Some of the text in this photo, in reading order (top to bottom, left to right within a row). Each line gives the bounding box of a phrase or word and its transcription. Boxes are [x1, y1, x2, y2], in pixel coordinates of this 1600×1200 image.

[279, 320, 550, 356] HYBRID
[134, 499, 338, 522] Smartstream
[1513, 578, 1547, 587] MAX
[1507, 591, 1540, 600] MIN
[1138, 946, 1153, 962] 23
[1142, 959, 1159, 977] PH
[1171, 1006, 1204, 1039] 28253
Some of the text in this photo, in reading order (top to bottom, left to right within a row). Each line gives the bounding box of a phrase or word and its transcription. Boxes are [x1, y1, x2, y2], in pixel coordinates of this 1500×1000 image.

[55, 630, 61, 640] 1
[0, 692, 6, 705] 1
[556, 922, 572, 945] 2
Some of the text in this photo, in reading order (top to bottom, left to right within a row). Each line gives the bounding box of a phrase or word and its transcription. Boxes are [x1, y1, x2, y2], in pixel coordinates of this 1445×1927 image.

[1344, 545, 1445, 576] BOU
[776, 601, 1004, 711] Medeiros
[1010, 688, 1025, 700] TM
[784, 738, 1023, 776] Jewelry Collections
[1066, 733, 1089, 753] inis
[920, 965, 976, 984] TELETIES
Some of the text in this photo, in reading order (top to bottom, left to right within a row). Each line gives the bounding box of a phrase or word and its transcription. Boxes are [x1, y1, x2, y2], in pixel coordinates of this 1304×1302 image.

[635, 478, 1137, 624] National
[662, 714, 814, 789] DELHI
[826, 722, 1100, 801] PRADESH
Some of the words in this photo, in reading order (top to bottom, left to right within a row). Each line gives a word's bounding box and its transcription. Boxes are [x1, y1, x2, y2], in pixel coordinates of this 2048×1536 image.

+++++

WORK TO COMPLETE:
Each line in the listing needs to be copied exactly.

RESULT FOR THIS TASK:
Some of the text in this photo, in reading order (top to bottom, left to right within a row). Each line gives the bounding box of a phrase or word and its transcription. Boxes are [x1, y1, x2, y2], in pixel coordinates of this 1600×1200 image.

[279, 320, 550, 356] HYBRID
[134, 499, 338, 522] Smartstream
[1513, 578, 1547, 587] MAX
[1507, 591, 1540, 600] MIN
[1138, 946, 1153, 962] 23
[1142, 959, 1159, 977] PH
[1171, 1006, 1204, 1039] 28253
Some of the text in this photo, in reading order (top to bottom, left to right within a row). Each line gives the bounding box of a phrase or word and its transcription. Boxes are [x1, y1, x2, y2], in pixel coordinates of this 1500×1000 image.

[55, 630, 61, 640] 1
[0, 692, 6, 705] 1
[556, 922, 572, 945] 2
Some of the text in this photo, in reading order (top to bottom, left to right within a row). Each line gives the bounding box of a phrase or word and its transcription. Boxes are [x1, y1, x2, y2], in pixel coordinates of this 1445×1927 image.

[1344, 545, 1445, 576] BOU
[776, 601, 1004, 711] Medeiros
[1010, 688, 1025, 700] TM
[784, 738, 1023, 776] Jewelry Collections
[1066, 733, 1089, 753] inis
[920, 965, 976, 984] TELETIES
Some of the text in this photo, in reading order (top to bottom, left to right within a row). Each line gives the bounding box of a phrase or word and its transcription. Boxes are [x1, y1, x2, y2], in pixel coordinates of this 1304×1302 image.

[635, 478, 1137, 624] National
[662, 714, 814, 789] DELHI
[826, 722, 1100, 801] PRADESH
Some of the words in this photo, in reading order (top to bottom, left to right within a row). Each line gives a word's bounding box and its transcription. Boxes are [x1, y1, x2, y2], in pixel coordinates of this 2048×1536 image.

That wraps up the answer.